Miss Lawthorn, à la question, le regarda hardiment, ses yeux clairs fixant les yeux de Gérard Maleine.

— Mais vous savez que je n’ai plus rien et mon mère ne me pardonnera jamais. Elle prononça ce : jamais, avec une infinie tristesse.

— C’est justement parce que vous n’avez plus rien que je vous épouse, Muriel, si vous me l’accordez. Vous croiriez, peut-être, à une fantaisie d’artiste, à un dédain facile de l’argent — argent que j’ai trop méprisé — disait Chateaubriand. Mais je ne veux pas de cet empoisonneur de l’amour. Avec le peu que j’ai, avec mon travail et vous à mon foyer, nous irons de l’avant, et tant pis pour les autres. Il me paraît, à moi, que je resterai au moins en dehors de ceux que vous aurez connus jusqu’ici et qui venaient flairer des jupes et des portefeuilles. Et puis, au moins, comme mari, j’aurai le droit aux yeux du monde, du monde mesquin, humeur de scandales, j’aurai le droit de vous soutenir et de vous protéger…

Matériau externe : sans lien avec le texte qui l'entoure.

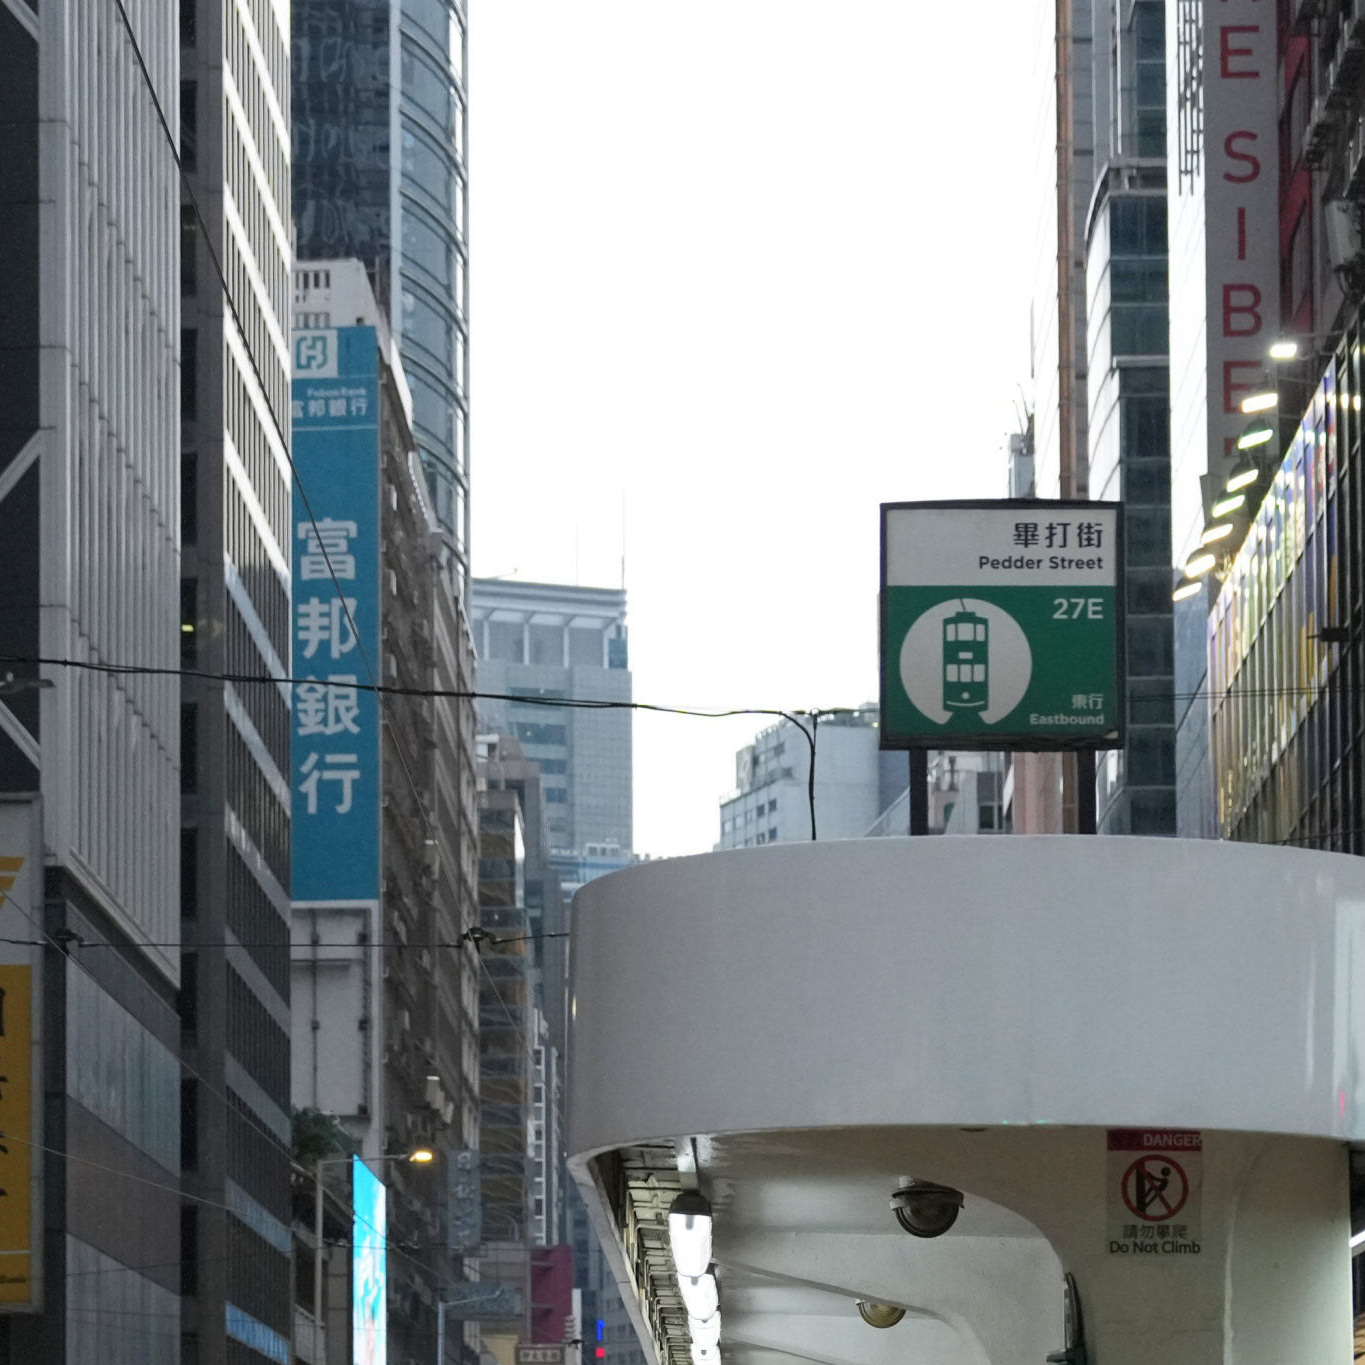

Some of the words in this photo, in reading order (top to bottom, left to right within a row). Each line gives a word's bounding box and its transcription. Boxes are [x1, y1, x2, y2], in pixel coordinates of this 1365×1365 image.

Well, little boy, interrompit alors Muriel, très émue, avez-vous donc oublié le prince ?

Gérard ne fit pas un mouvement. Il recevait cela en plein cœur. Seulement un coup de rage lui montait au cerveau, lui faisait crisper les poings et les maxillaires mauvais, l’œil loin, Gérard pensa qu’il ferait bon étrangler un pareil misérable.

— Eh bien quoi ? Je viens vers vous après avoir fait des expériences dans la vie. Si je suis maintenant plus tolérant, moins mauvais, aussi averti qu’un autre, c’est que j’ai souffert, c’est que j’ai cru aimer. Pourquoi est-ce que nos conventions actuelles exigent chez la femme la valeur d’un symbole alors que l’homme en est dispensé ? Trouvez-vous cela juste, Muriel ? Le souvenir de Minosoff ? vous le laisserez reposer indifférent, ignoré, avec les mille choses vulgaires de l’existence. Le Russe vous a montré qu’il y a des hommes sur terre qui mentent, même en disant la vérité. Muriel, petite Psyché nouvelle, permettez que je vous aime…

Gaiement elle se levait, faisait semblant de dire quelque chose de tout à fait sérieux à la statue, là, dans le creux de l’oreille, écoutait une réponse aussi sérieuse, un assentiment.

All right ! Essayons le match s’écria-t-elle. Mais je préviens vous que je jouerai mon mieux !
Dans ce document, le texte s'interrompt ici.